The tide is turning in tech, with a new scholarship programme aimed at encouraging diversity and inclusion through training opportunities and overseas learning. We take a look at the details.

An endowment fund created to support the growth of capability and capacity within our country’s hi-tech sector has launched, and the industry is buzzing. Applications are now open for those wishing to apply to the newly established Hi-Tech Foundation’s He Whetū Mārama Ngā Karahipi /Leading Light Scholarship Programme, which – in its initial stages – aims to grant five Kiwis from diverse backgrounds a sum of $5,000 each to assist with the costs associated with studying towards a career in tech.

But it’s just the beginning, says the Hi-Tech Foundation, who launched the endowment fund with a video which, deliberately, demonstrates just how white and male the sector’s leaders generally are.

“The New Zealand hi-tech sector is booming” Sir Stephen Tindall begins in the clip. “Tech is now New Zealand’s second largest export earner,” continues intellectual property lawyer Simon Martin. “But can you see the problem?” asks tech leader Evan Blackman. “There are a lot of people who look like me,” says Flying Kiwi’s Greg Cross.

In fact, Technology Investment Network stats show that fewer than 20% of those working in tech in New Zealand are women, and under 5% are Maori.

“Diversity brings strength,” says Erin Wansbrough, chair of the Hi-Tech Trust. She says the scholarships are aimed at “people who wouldn’t have otherwise had the opportunity” to study.

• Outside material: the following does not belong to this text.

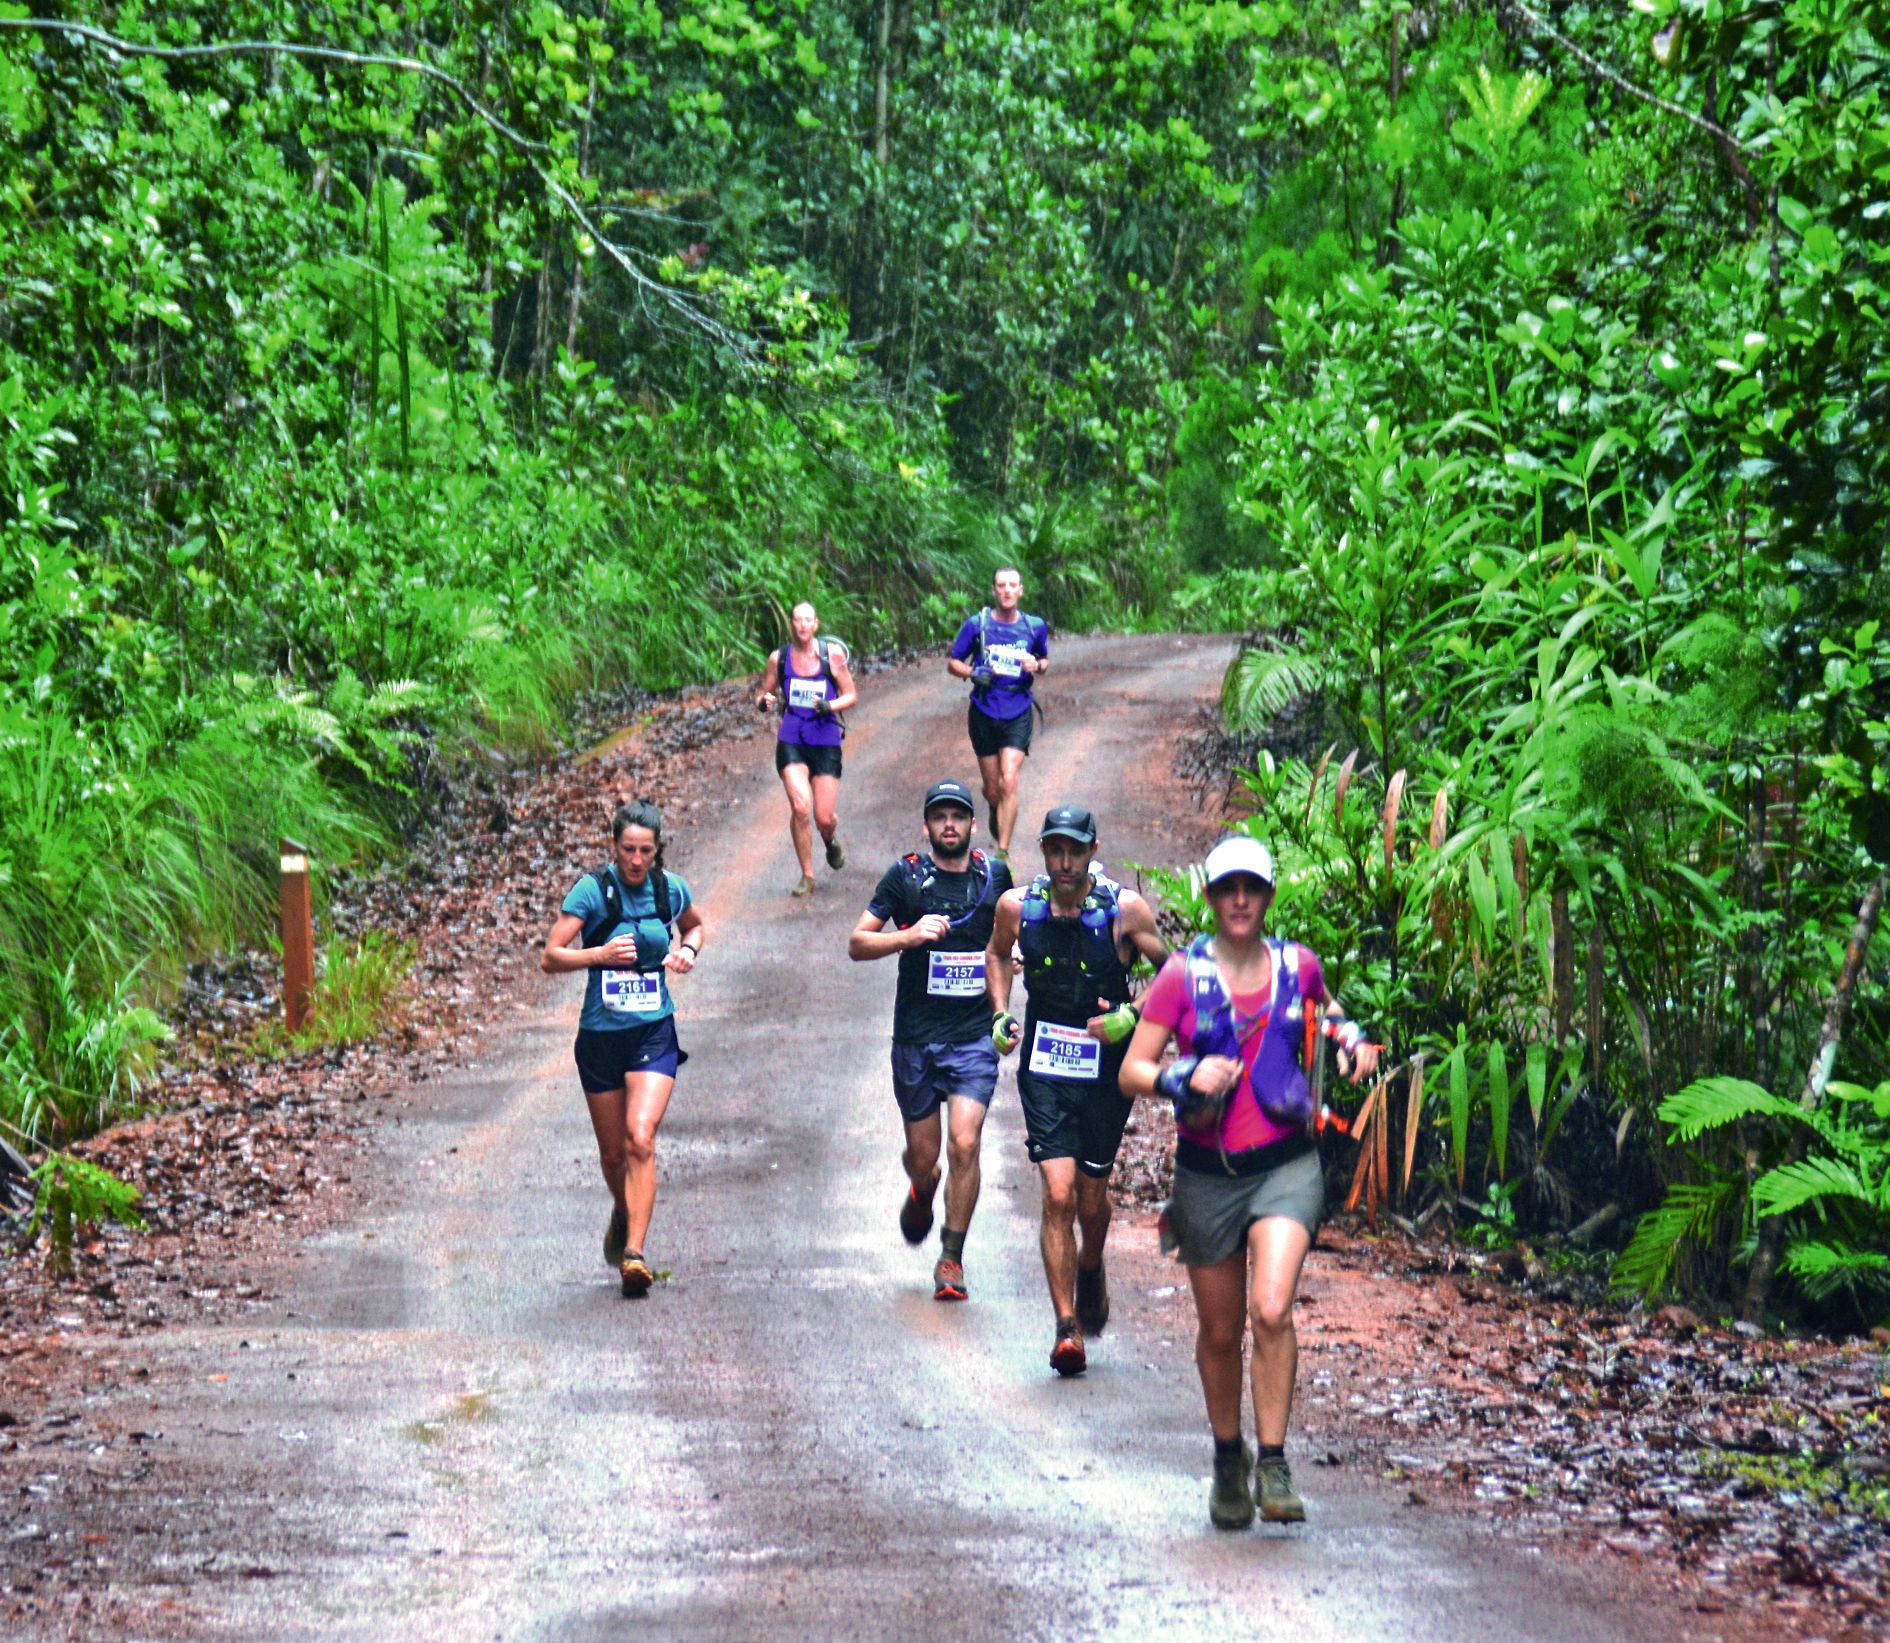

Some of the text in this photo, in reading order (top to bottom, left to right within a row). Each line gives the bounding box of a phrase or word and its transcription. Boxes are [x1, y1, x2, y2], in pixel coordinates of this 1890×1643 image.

And her point on inclusion is cleverly illustrated in the second half of the video, which brings in a selection of the more diverse faces in the tech and science sector – Tech Futures Lab’s Frances Valintine, Mike Jenkins of The Instillery and ‘Nanogirl’ Dr Michelle Dickinson.

Now, the Hi-Tech Endowment Fund – which is independent, non-profit and non-partisan –  is reaching out to find more donors to secure financial commitments (through donations, bequests, grants or other means) totalling $25m by 2025.

Funds raised will be used in multiple ways, with the overarching goal being to open the door to those Kiwis who would otherwise struggle to find their path in tech, and to support growth and governance in the sector.

The endowment will be managed by Perpetual Guardian.

For more, and to apply, go to the Hi-Tech Foundation website.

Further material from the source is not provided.